### WHAT TO DO:
Every line below needs to be transcribed without alteration, and no image may be carried over.

### RECORD EXCERPTS:
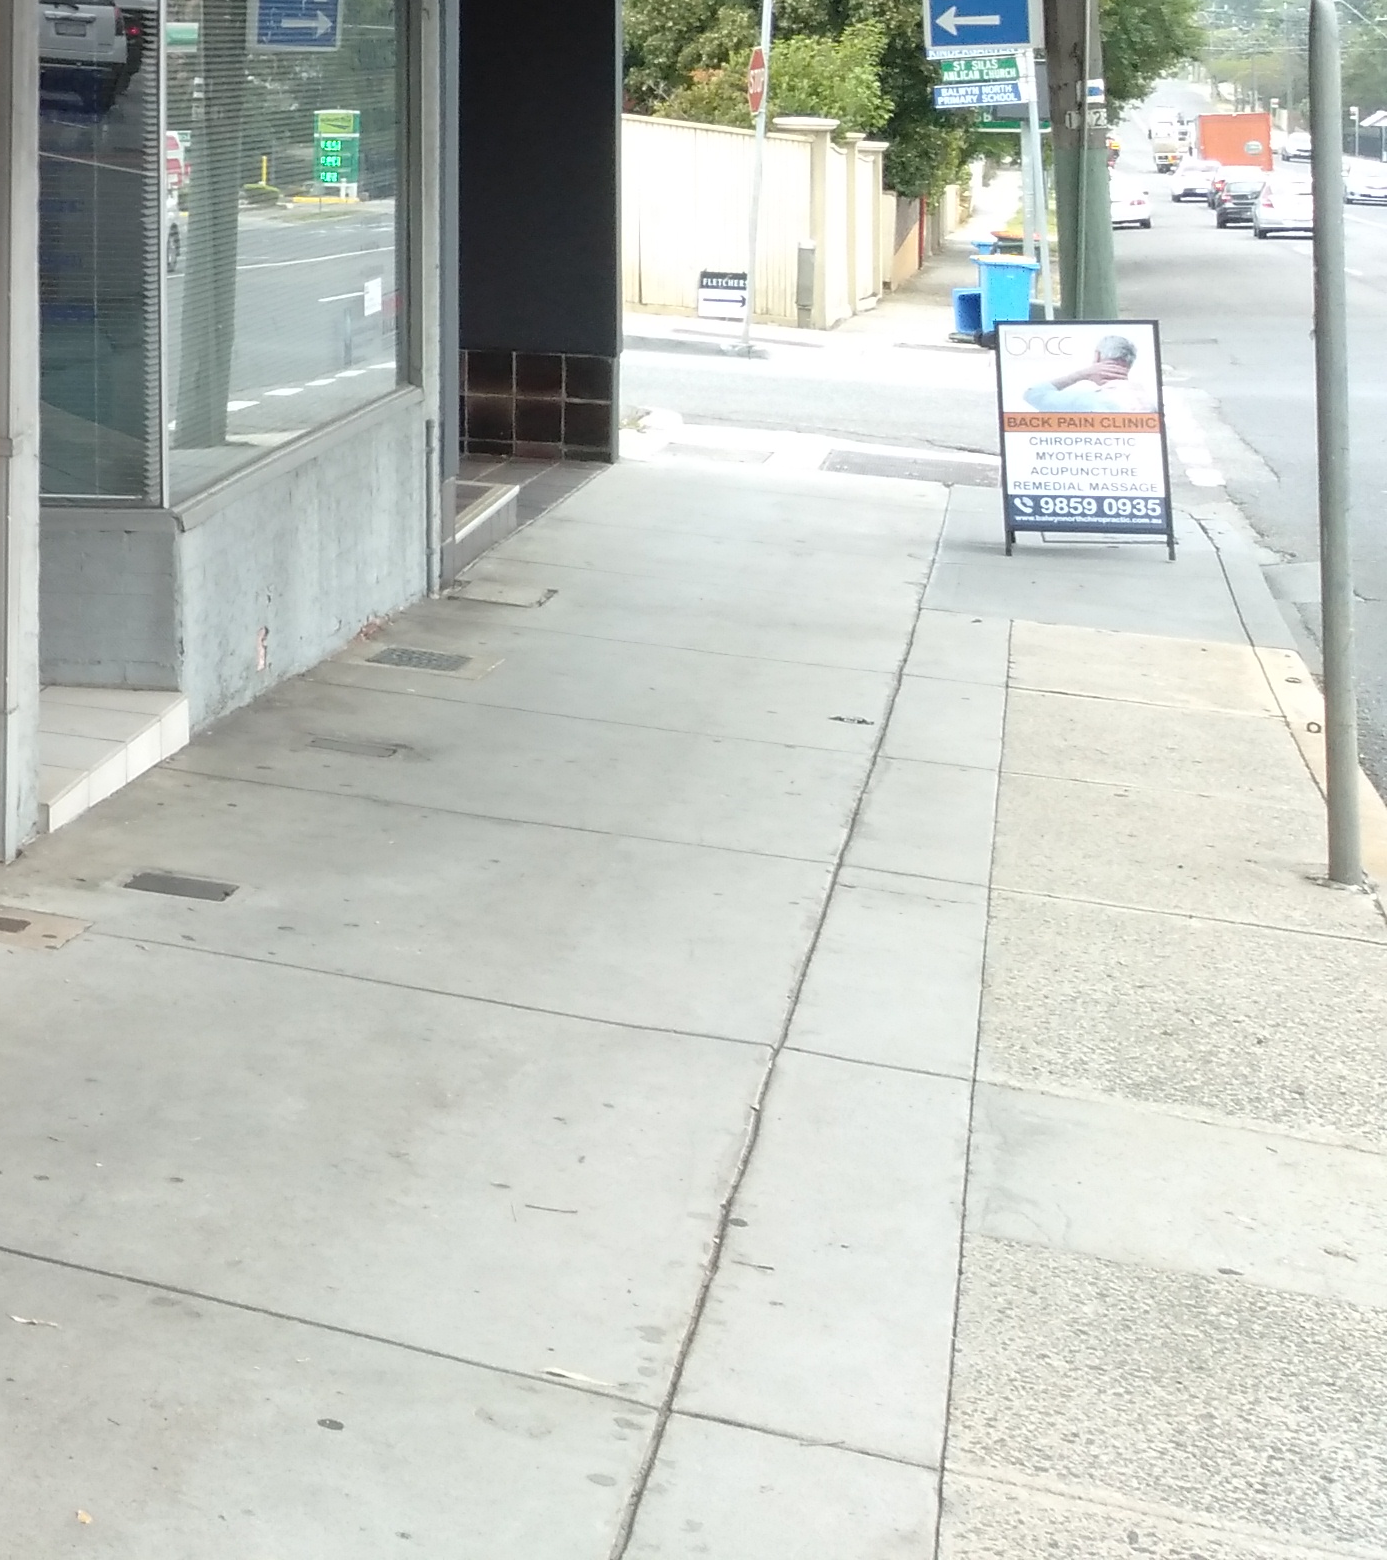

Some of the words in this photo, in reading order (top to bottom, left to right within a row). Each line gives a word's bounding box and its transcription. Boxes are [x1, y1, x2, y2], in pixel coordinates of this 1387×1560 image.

[953, 60, 966, 71] ST
[972, 60, 998, 71] SILAS
[983, 68, 1017, 80] CHURCH
[941, 86, 980, 97] BALWYN
[982, 84, 1013, 94] NORTH
[937, 95, 978, 105] PRIMARY
[982, 93, 1018, 103] SCHOOL
[1007, 416, 1052, 428] BACK
[1057, 417, 1095, 428] PAIN
[1100, 417, 1158, 429] CLINIC
[1029, 436, 1137, 447] CHIROPRACTIC
[1036, 451, 1132, 462] MYOTHERAPY
[1030, 466, 1138, 477] ACUPUNCTURE
[1013, 481, 1083, 491] REMEDIAL
[1089, 482, 1158, 493] MASSAGE
[1039, 497, 1097, 515] 9859
[1103, 498, 1162, 516] 0935
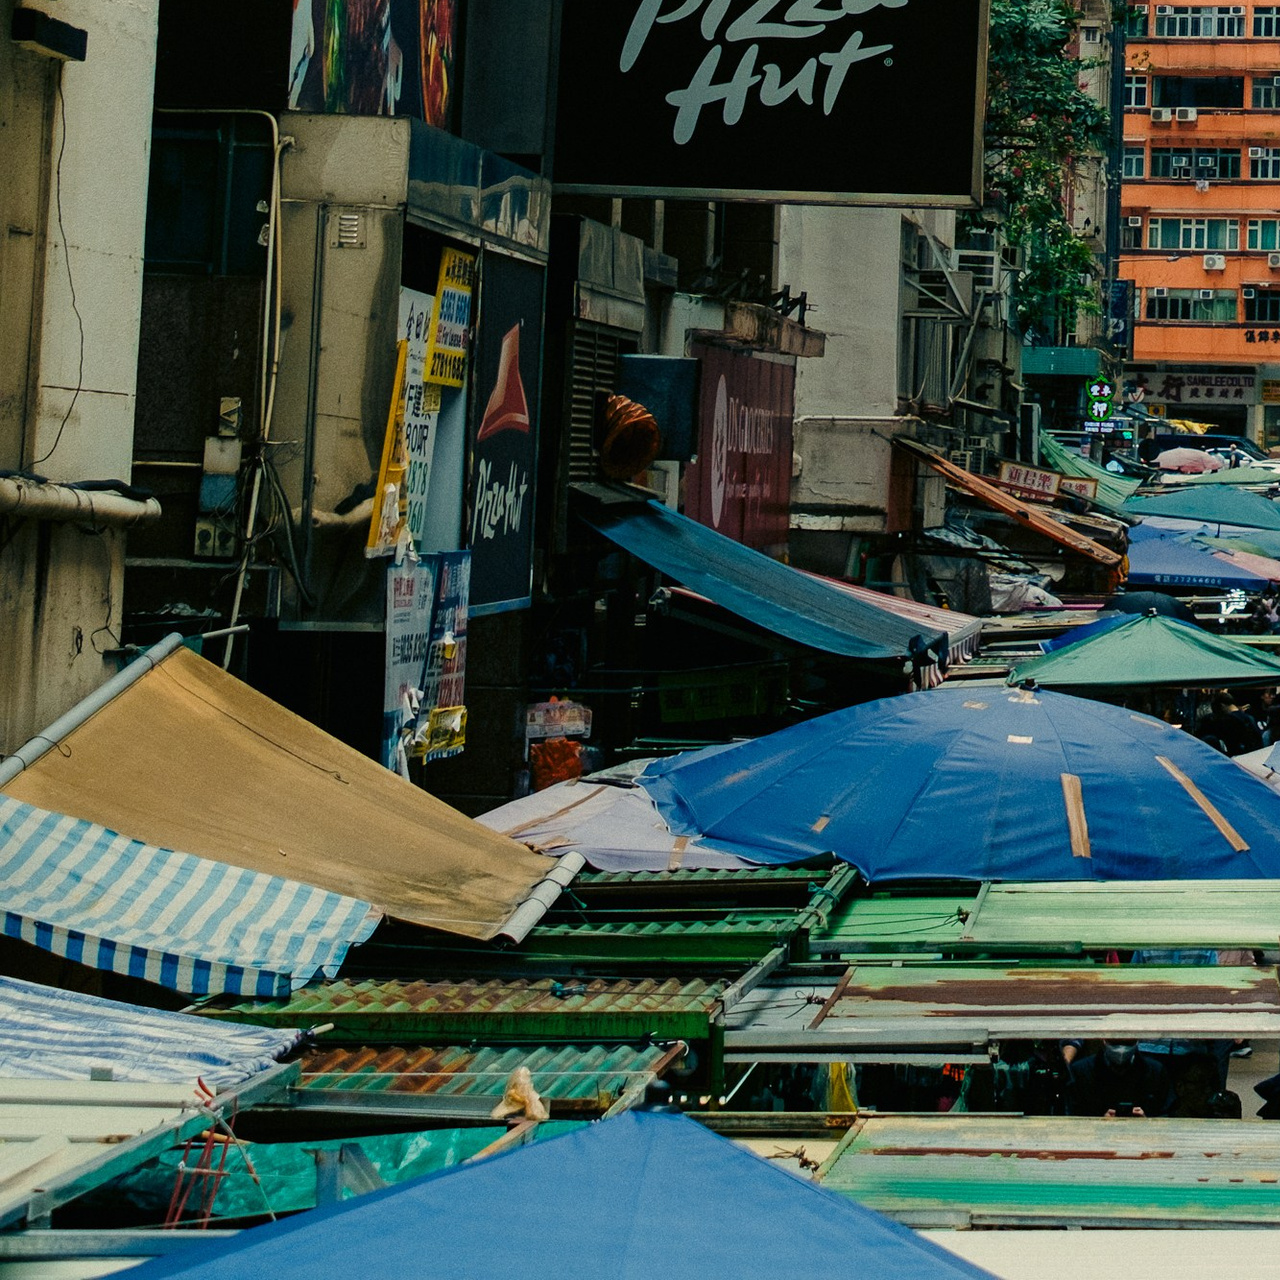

### ANSWER SECTION:
Some of the words in this photo, in reading order (top to bottom, left to right within a row). Each line gives a word's bounding box and its transcription. Boxes are [x1, y1, x2, y2], in pixel coordinates of this 1387×1560 image.

[953, 60, 966, 71] ST
[972, 60, 998, 71] SILAS
[983, 68, 1017, 80] CHURCH
[941, 86, 980, 97] BALWYN
[982, 84, 1013, 94] NORTH
[937, 95, 978, 105] PRIMARY
[982, 93, 1018, 103] SCHOOL
[1007, 416, 1052, 428] BACK
[1057, 417, 1095, 428] PAIN
[1100, 417, 1158, 429] CLINIC
[1029, 436, 1137, 447] CHIROPRACTIC
[1036, 451, 1132, 462] MYOTHERAPY
[1030, 466, 1138, 477] ACUPUNCTURE
[1013, 481, 1083, 491] REMEDIAL
[1089, 482, 1158, 493] MASSAGE
[1039, 497, 1097, 515] 9859
[1103, 498, 1162, 516] 0935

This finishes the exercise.